The attempt to build a Jeep museum in Toledo even attracted the attention of Philip Feifan Xie, who wrote about it in his 2015 book, “Industrial Heritage Tourism:”
The aim of the museum was to expand the notion of what industrial heritage is, in order to take account of the intangible benefits of establishing a museum for Jeep, such as industrial tradition, craftsmanship and city identity. The proposal for the Jeep museum encompassed a precis of the content of the display and explored how the museum could give dying economies and vacant sites a second life as exhibitions of themselves. The establishment would be multipurpose: it would provide a new type of tourist attraction in Toledo, a recreation of community identity, a valuable resource for formal and informal education and a basis for economic regeneration. It also rested on the fundamental principle that Jeep is a concrete product that can be identified by the public as an iconic American car. The heritage of Jeep is never viewed as remote from everyday life; hence, a Jeep museum has the potential to attract the general public, as well as auto enthusiasts and people interested in American history. Moreover, the authenticity of Jeep manufacturing in Toledo makes the city an ideal location for this kind of tourist attraction.
However, Xie noted that the success of any Jeep museum depended largely on backing from Chrysler, and “from DaimlerChrysler’s perspective, although Jeep is an important industry and one of the largest employers in Toledo, the corporation expressed concerns over the viability of the museum.”
The latest push to build a museum, on the other hand, has backing from both Chrysler and local financial giants and enthusiast groups. The non-profit working group counts among its members Randy Oostra, the CEO of ProMedica, a prominent healthcare system in the Toledo area, as well as Jerry Huber, Szymanski’s old boss while he worked at the Jeep plant and chairman of the massive Toledo Jeep Fest. According to a Toledo Blade article on the announcement, the working group for the Jeep Experience formed out of the 22nd Century Committee, a Toledo revitalization group that has been working with FCA officials to develop the museum.

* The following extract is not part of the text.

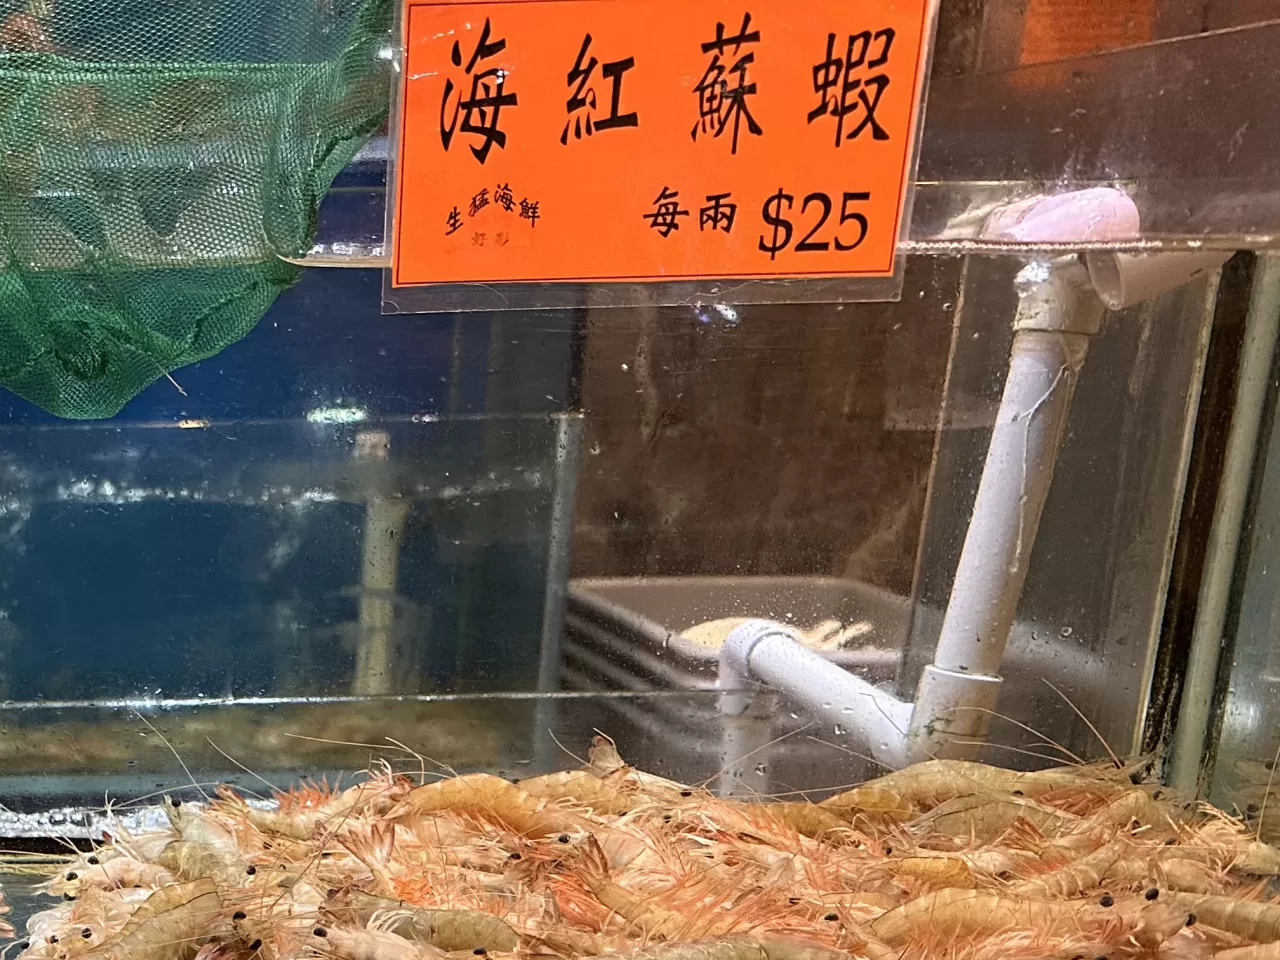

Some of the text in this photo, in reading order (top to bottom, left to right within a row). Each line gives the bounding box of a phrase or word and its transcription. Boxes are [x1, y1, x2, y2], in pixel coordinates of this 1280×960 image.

[439, 12, 896, 165] 海紅蘇蝦
[445, 182, 541, 236] 生猛海鮮
[642, 186, 871, 261] 每兩 $25

In total, the museum is expected to cost $40 million, with state funding expected to cover a quarter of that cost. A contribution from FCA is anticipated as well, though no dollar figure has been announced. The museum is expected to include an off-roading trail, though few other details have been released.
Szymanski said he’s willing to provide advice to the working group for the Jeep Experience, but he also said he’s happy not to be on any committees this time around. “My best piece of advice for them is to just push forward through it and get it done,” he said. “I think there’s enough enthusiasm. From what I saw at Camp Jeep, there’s a core amount of Jeep people who’ll go through anything to get to a Jeep event. It’s a large cult, not a small one.”
Though no Jeep museum currently exists in Toledo, multiple museums across the country celebrate four-wheel drive and four-wheeling while parts supplier Omix-Ada has its own private Jeep museum in Georgia. FCA has in its short existence already committed to other exhibitions of its heritage vehicles, including the former Conner Avenue Assembly Plant (now repurposed from Viper production to displaying the company’s historic vehicles) and the Fiat Heritage Hub in Turin.
The Jeep museum working group told the Toledo Blade that it will spend the next 18 months fundraising before starting a design phase for the Jeep Experience.